Materials and methods
Plant materials and tissue culture initiation
Nelumbo nucifera Gaertn. plant were obtained from natural lake, Chini Lake in Pahang, Malaysia. Two types of seeds were collected from intact plants including matured green seed and black seed. These seeds were initially washed with tap water and teepol. Then, seeds were sterilized with 100% sodium hypochlorite solution for 1 min and rinsed with distilled water for three times. In laminar flow, the seeds were dipped in 70% (v/v) ethanol for 1 minute and rinsed with steriled distilled water for three times. Seeds were cultured on solid basal germination medium composed of Murashige and Skoog (MS) (1962) salts and vitamins supplemented with 30g/L sucrose and 10 g/L agar. Green petiolar inside the seeds were cut into small pieces (3mm2) and cultured on MS media (Table 2.0) with 25 different combination hormones of NAA and BAP with 30 replicates for each treatment.
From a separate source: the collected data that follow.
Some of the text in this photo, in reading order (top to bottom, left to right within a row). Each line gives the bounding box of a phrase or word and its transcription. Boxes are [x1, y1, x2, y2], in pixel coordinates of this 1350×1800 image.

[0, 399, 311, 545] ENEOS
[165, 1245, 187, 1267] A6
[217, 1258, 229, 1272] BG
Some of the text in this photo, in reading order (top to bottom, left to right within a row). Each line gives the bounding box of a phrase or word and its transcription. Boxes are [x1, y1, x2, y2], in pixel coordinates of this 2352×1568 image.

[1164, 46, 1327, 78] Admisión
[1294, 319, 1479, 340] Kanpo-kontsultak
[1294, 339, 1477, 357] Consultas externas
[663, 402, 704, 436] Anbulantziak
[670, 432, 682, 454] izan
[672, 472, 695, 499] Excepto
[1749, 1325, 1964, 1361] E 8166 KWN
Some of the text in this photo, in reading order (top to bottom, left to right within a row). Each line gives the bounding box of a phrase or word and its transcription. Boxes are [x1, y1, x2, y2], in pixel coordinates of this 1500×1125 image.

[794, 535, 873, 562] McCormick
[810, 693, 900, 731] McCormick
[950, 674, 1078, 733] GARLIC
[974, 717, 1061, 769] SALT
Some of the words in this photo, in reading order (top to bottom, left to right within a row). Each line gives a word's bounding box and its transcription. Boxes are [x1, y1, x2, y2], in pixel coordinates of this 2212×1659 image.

Media were adjusted to pH 5.5 and sterilized by autoclaving (15 min, 121ºC) and 50 ml aliquots poured into pre-sterilised 290 ml plastic pottles (80 mm diameter x 60 mm high). All cultures were incubated in a growth room at 24ºC day and night temperature, with a 16-h photoperiod at 80-85 µmol m-2 s-1 under cool white fluorescent light. Every 4 weeks the in vitro plants were subcultured on the same media (Table 2.0).